(Dataset entries)

-=-=-=-=-

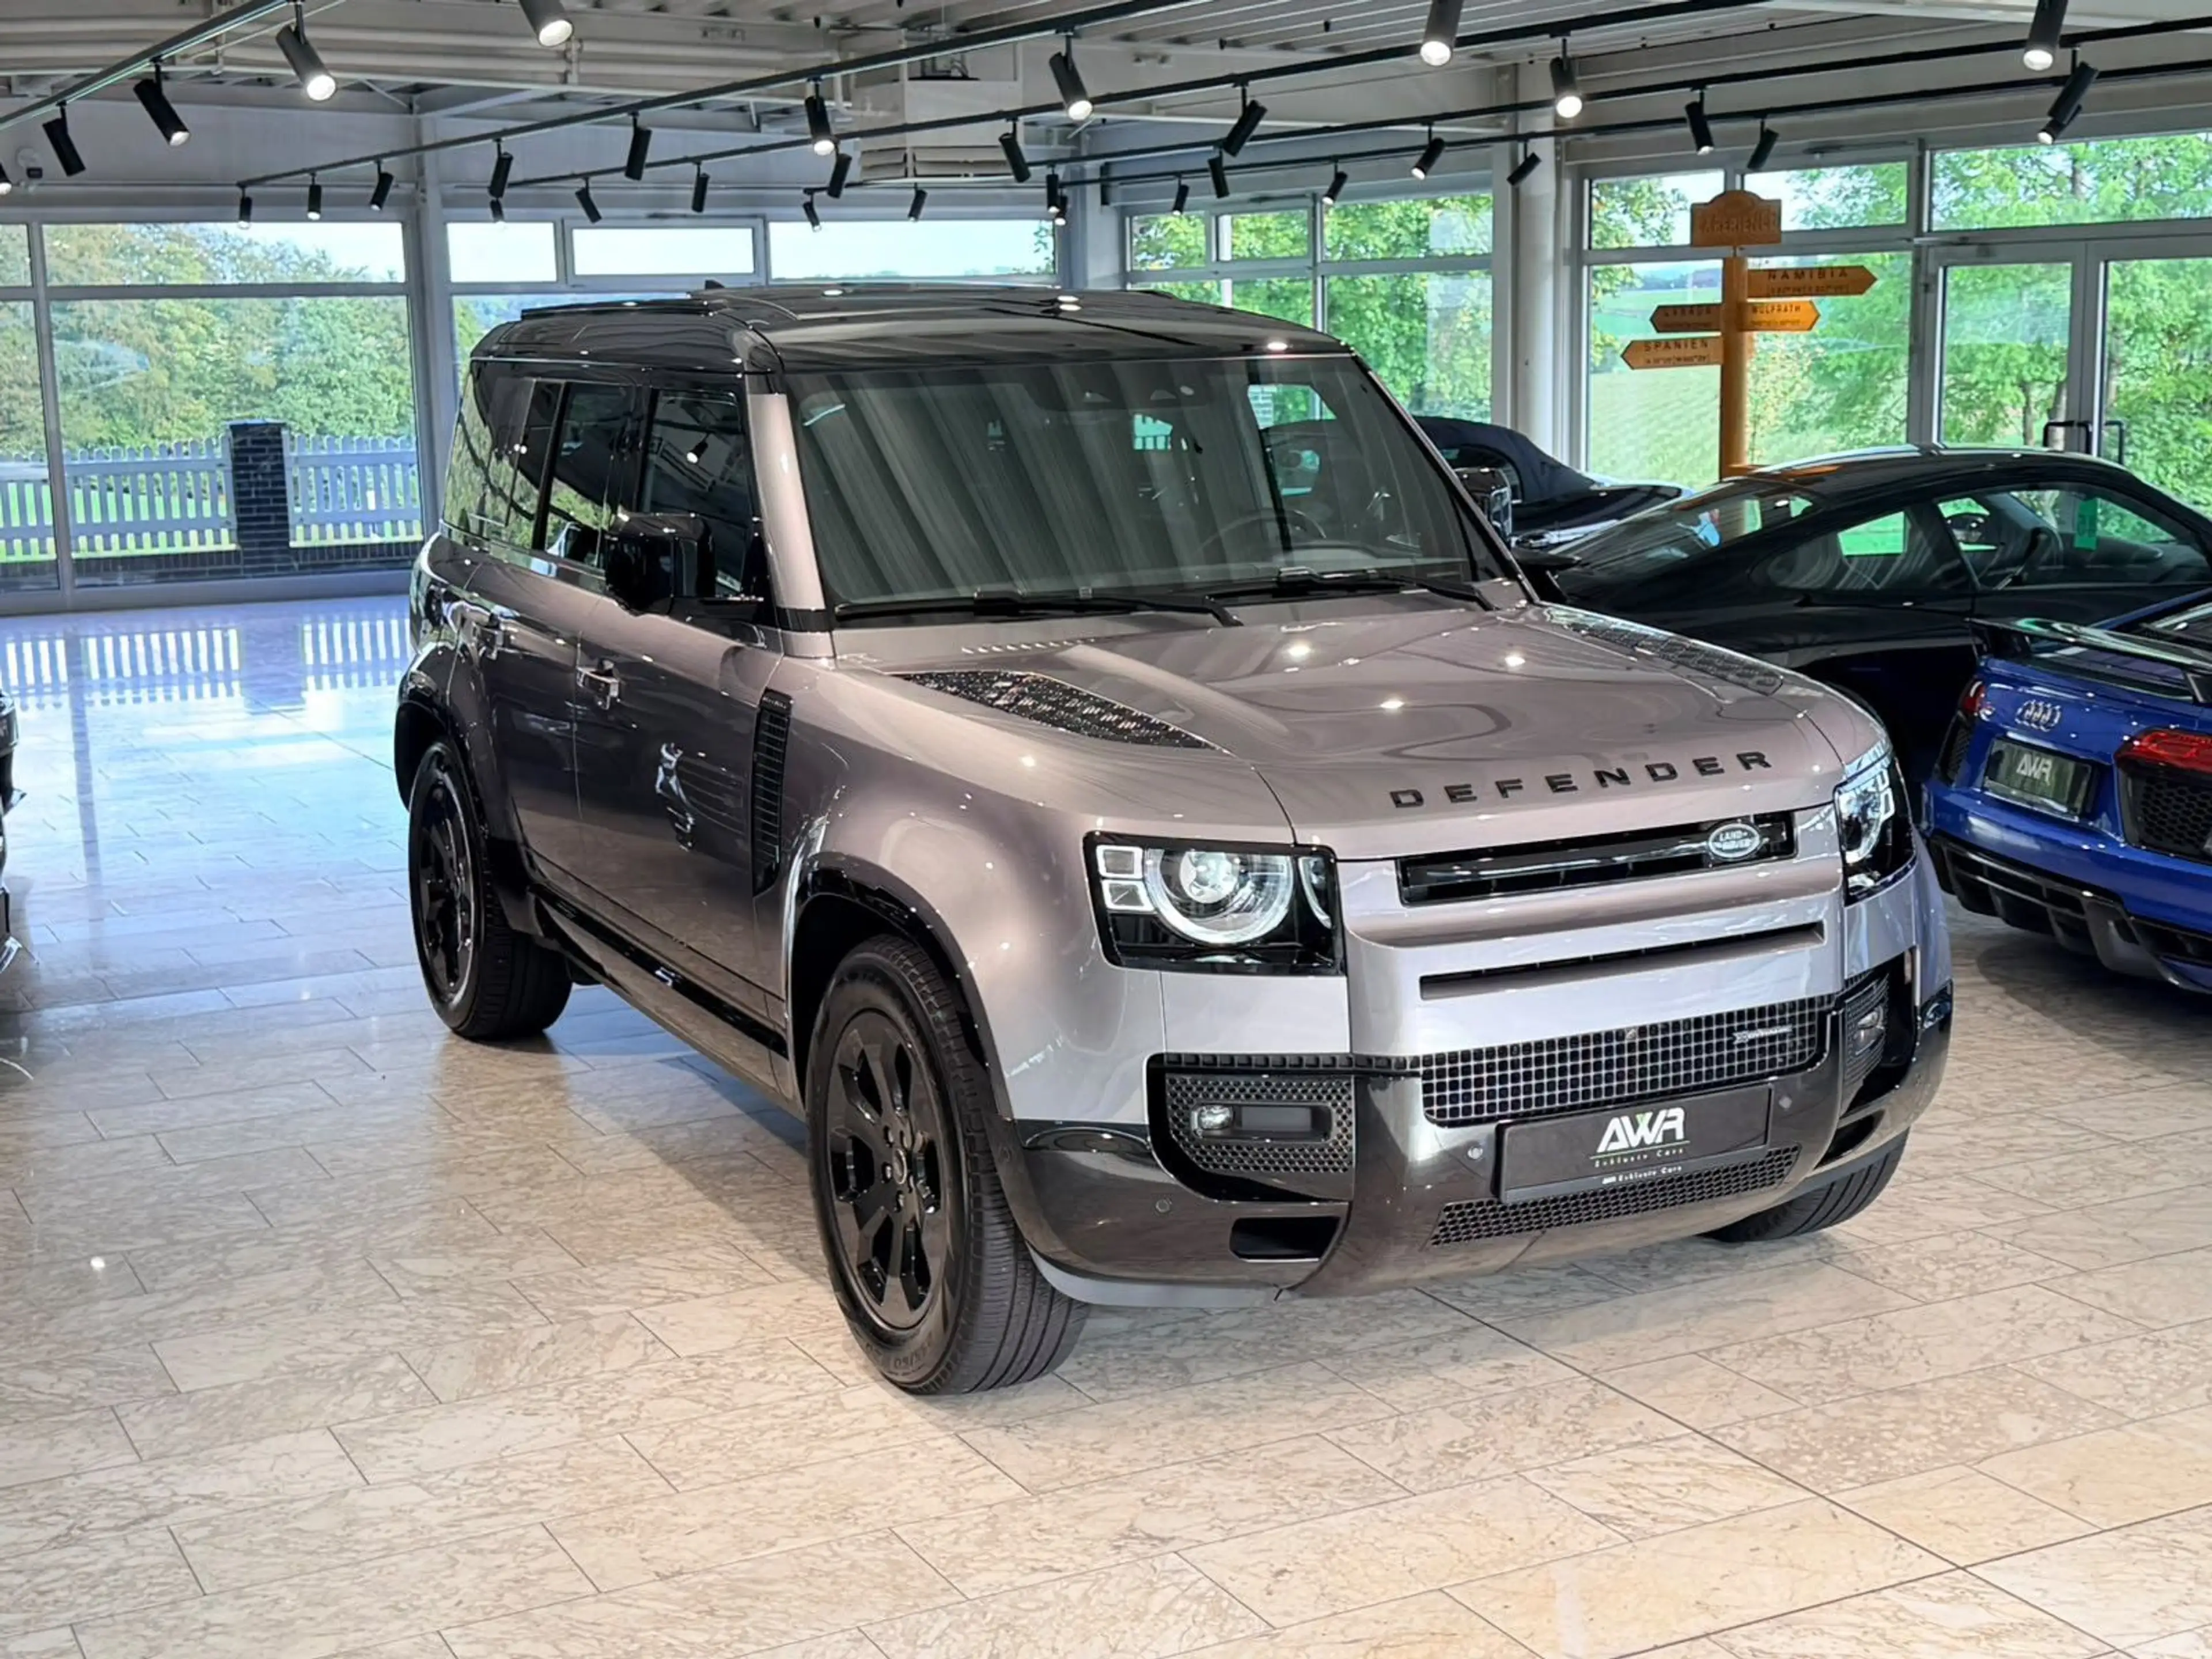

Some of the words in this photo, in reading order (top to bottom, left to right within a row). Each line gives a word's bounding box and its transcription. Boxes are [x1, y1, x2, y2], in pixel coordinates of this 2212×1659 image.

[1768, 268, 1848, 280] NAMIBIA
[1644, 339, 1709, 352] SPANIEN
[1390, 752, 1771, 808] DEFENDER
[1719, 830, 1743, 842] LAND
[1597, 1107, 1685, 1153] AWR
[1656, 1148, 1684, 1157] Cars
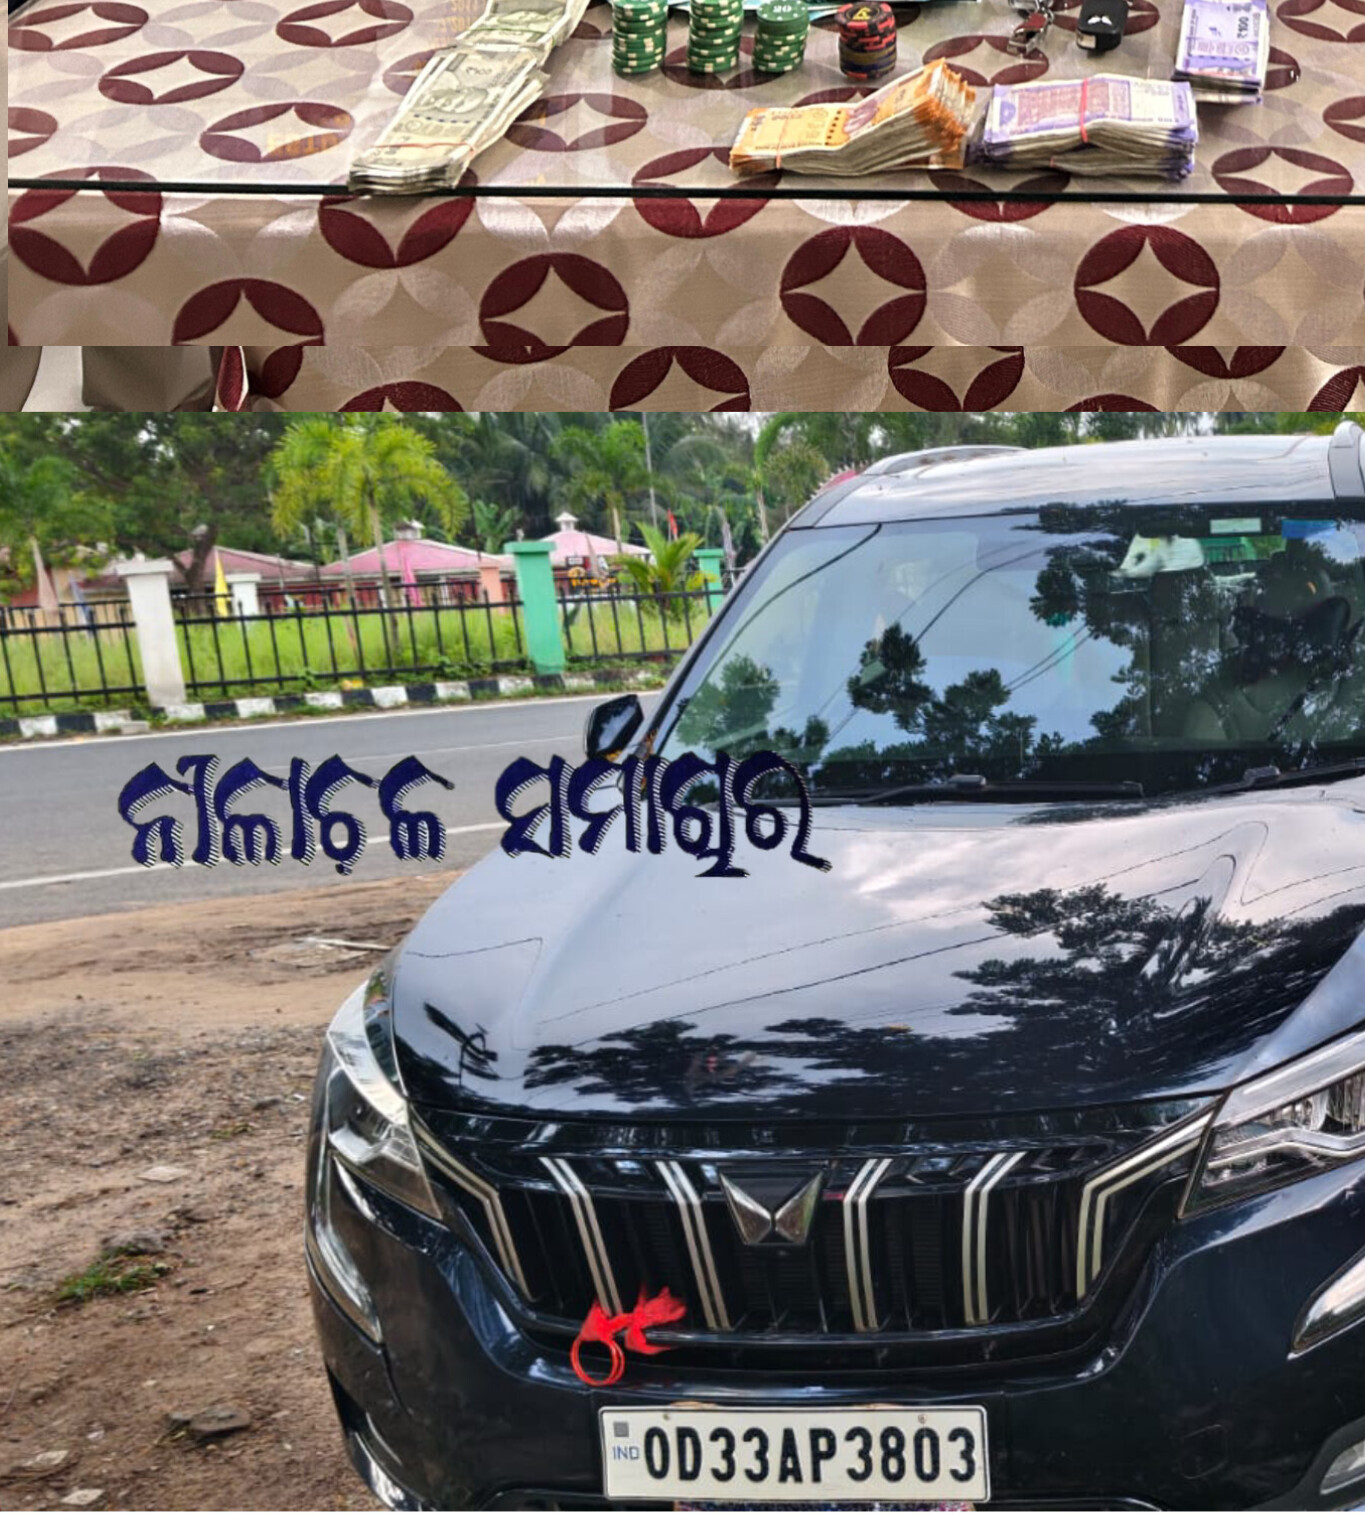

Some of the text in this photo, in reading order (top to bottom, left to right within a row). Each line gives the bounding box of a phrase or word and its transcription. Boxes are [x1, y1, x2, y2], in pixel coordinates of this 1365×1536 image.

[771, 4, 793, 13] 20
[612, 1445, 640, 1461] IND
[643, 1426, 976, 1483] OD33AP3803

-=-=-=-=-

TASK STATEMENT -
This exercise calls for a verbatim output of the entries, pictures omitted.

OUTPUT OF THE EXERCISE -
Some of the words in this photo, in reading order (top to bottom, left to right within a row). Each line gives a word's bounding box and its transcription. Boxes are [x1, y1, x2, y2], in pixel coordinates of this 2212×1659 image.

[1768, 268, 1848, 280] NAMIBIA
[1644, 339, 1709, 352] SPANIEN
[1390, 752, 1771, 808] DEFENDER
[1719, 830, 1743, 842] LAND
[1597, 1107, 1685, 1153] AWR
[1656, 1148, 1684, 1157] Cars

Some of the text in this photo, in reading order (top to bottom, left to right within a row). Each line gives the bounding box of a phrase or word and its transcription. Boxes are [x1, y1, x2, y2], in pixel coordinates of this 1365×1536 image.

[771, 4, 793, 13] 20
[612, 1445, 640, 1461] IND
[643, 1426, 976, 1483] OD33AP3803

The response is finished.